===== RECORDS SHOWN =====
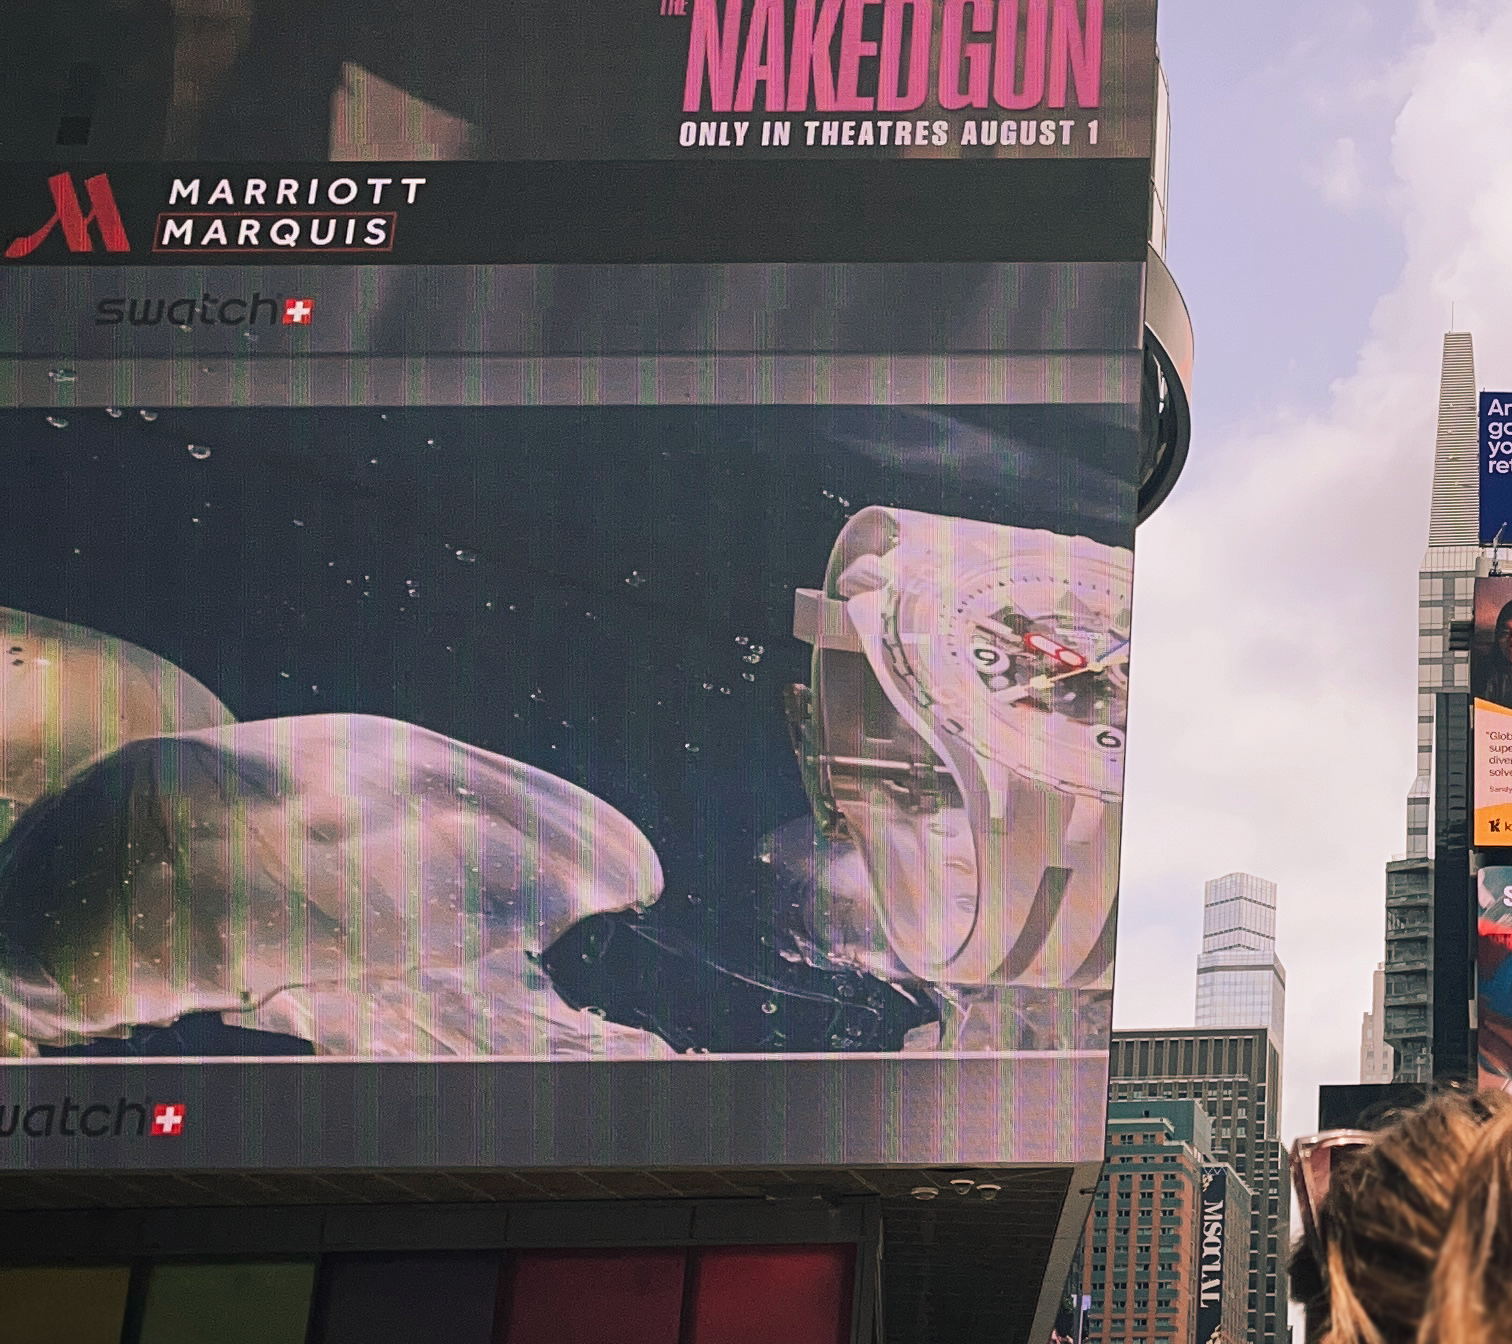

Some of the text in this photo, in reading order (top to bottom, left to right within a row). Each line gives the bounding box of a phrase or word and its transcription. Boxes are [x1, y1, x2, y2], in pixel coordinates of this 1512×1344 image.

[679, 118, 1099, 148] ONLY IN THEATRES AUGUST 1
[168, 177, 427, 206] MARRIOTT
[160, 217, 388, 248] MARQUIS
[98, 292, 279, 327] swatch
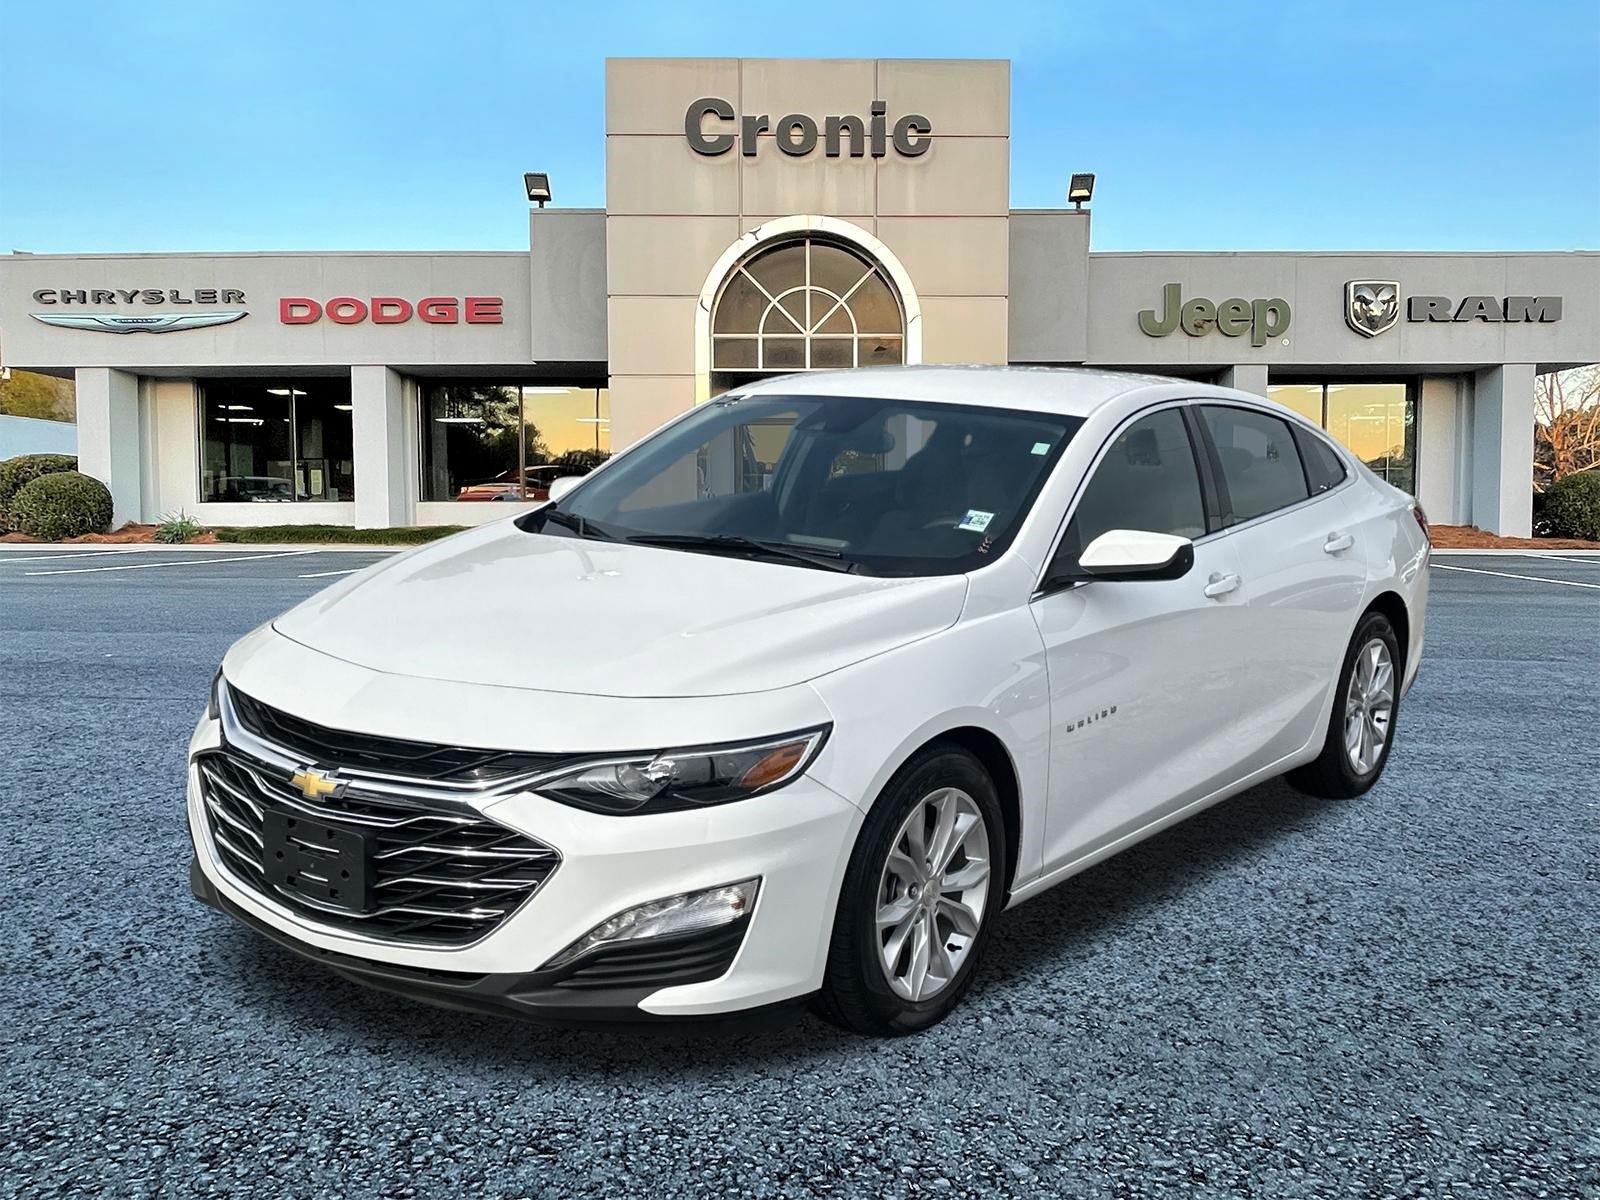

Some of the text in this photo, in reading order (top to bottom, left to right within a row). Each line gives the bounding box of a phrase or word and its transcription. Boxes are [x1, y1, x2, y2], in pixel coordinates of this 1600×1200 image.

[685, 97, 932, 157] Cronic
[33, 289, 246, 304] CHRYSLER
[1408, 296, 1563, 322] RAM
[280, 297, 504, 325] DODGE
[1138, 283, 1291, 347] Jeep
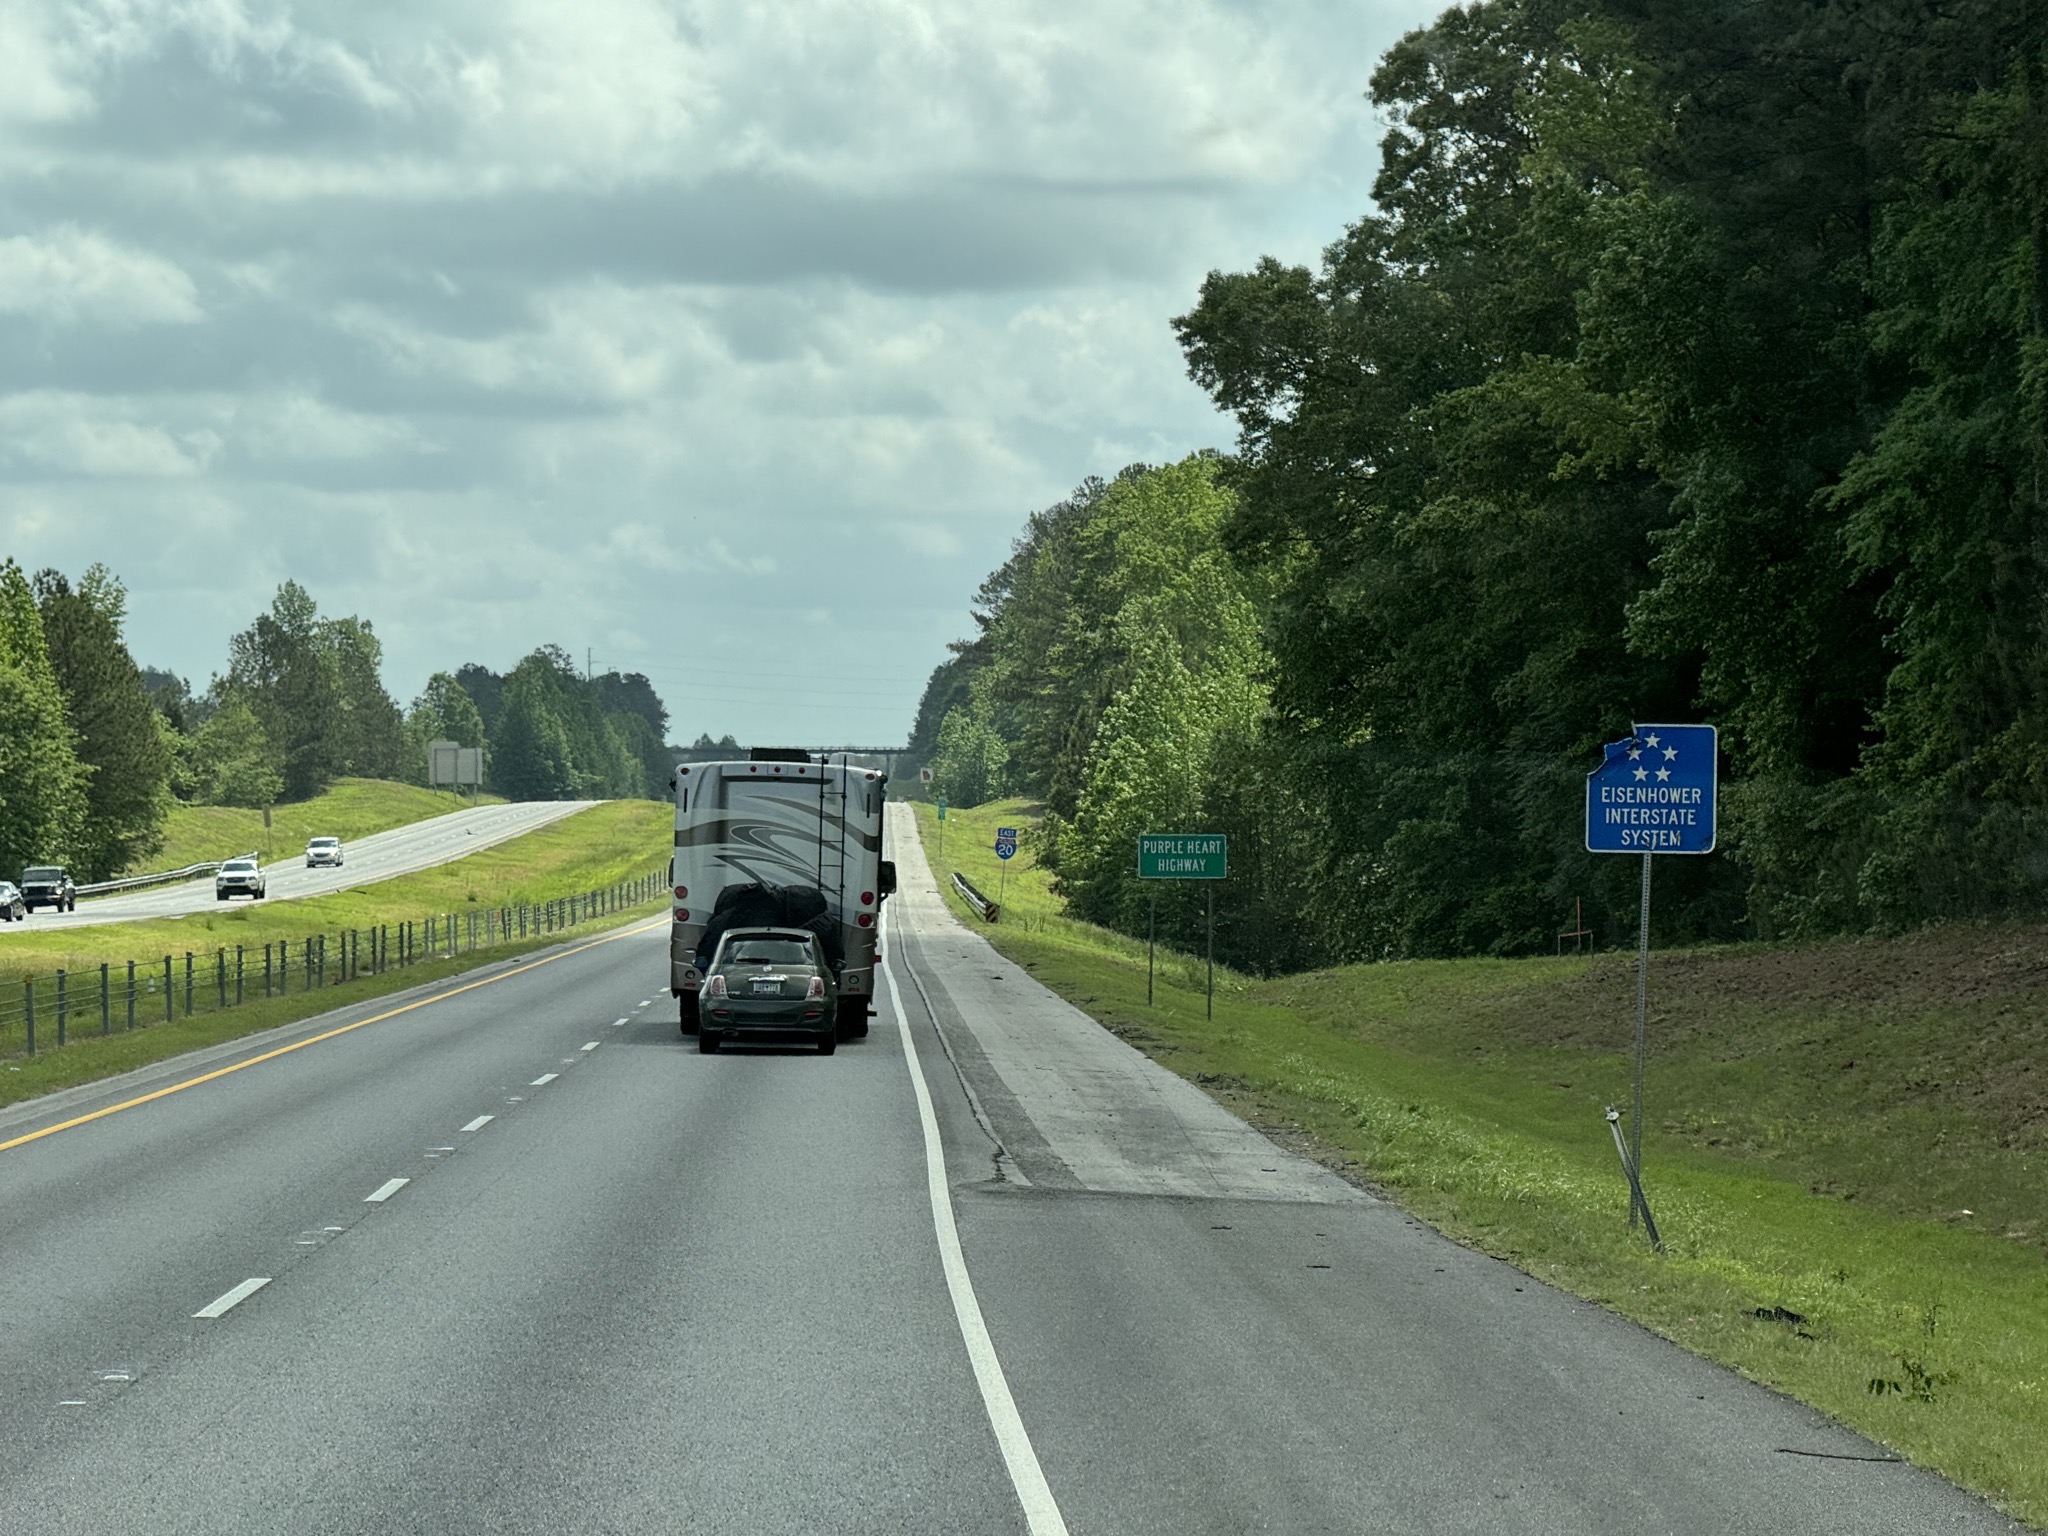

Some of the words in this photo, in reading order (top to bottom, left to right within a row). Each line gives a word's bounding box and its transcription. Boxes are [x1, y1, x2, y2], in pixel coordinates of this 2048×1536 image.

[1601, 786, 1701, 804] EISENHOWER
[1605, 808, 1697, 825] INTERSTATE
[1000, 829, 1015, 837] EAST
[1621, 829, 1681, 847] SYSTEM
[998, 844, 1014, 856] 20
[1143, 840, 1184, 854] PURPLE
[1187, 840, 1221, 854] HEART
[1158, 858, 1206, 872] HIGHWAY
=====
The entries above, every one of them, should be retyped exactly, with no pictures carried over.

TASK OUTPUT ▸
Some of the text in this photo, in reading order (top to bottom, left to right within a row). Each line gives the bounding box of a phrase or word and its transcription. Boxes are [x1, y1, x2, y2], in pixel coordinates of this 1512×1344 image.

[679, 118, 1099, 148] ONLY IN THEATRES AUGUST 1
[168, 177, 427, 206] MARRIOTT
[160, 217, 388, 248] MARQUIS
[98, 292, 279, 327] swatch

Some of the text in this photo, in reading order (top to bottom, left to right within a row). Each line gives the bounding box of a phrase or word and its transcription. Boxes are [x1, y1, x2, y2], in pixel coordinates of this 1600×1200 image.

[685, 97, 932, 157] Cronic
[33, 289, 246, 304] CHRYSLER
[1408, 296, 1563, 322] RAM
[280, 297, 504, 325] DODGE
[1138, 283, 1291, 347] Jeep

Some of the words in this photo, in reading order (top to bottom, left to right within a row). Each line gives a word's bounding box and its transcription. Boxes are [x1, y1, x2, y2], in pixel coordinates of this 2048×1536 image.

[1601, 786, 1701, 804] EISENHOWER
[1605, 808, 1697, 825] INTERSTATE
[1000, 829, 1015, 837] EAST
[1621, 829, 1681, 847] SYSTEM
[998, 844, 1014, 856] 20
[1143, 840, 1184, 854] PURPLE
[1187, 840, 1221, 854] HEART
[1158, 858, 1206, 872] HIGHWAY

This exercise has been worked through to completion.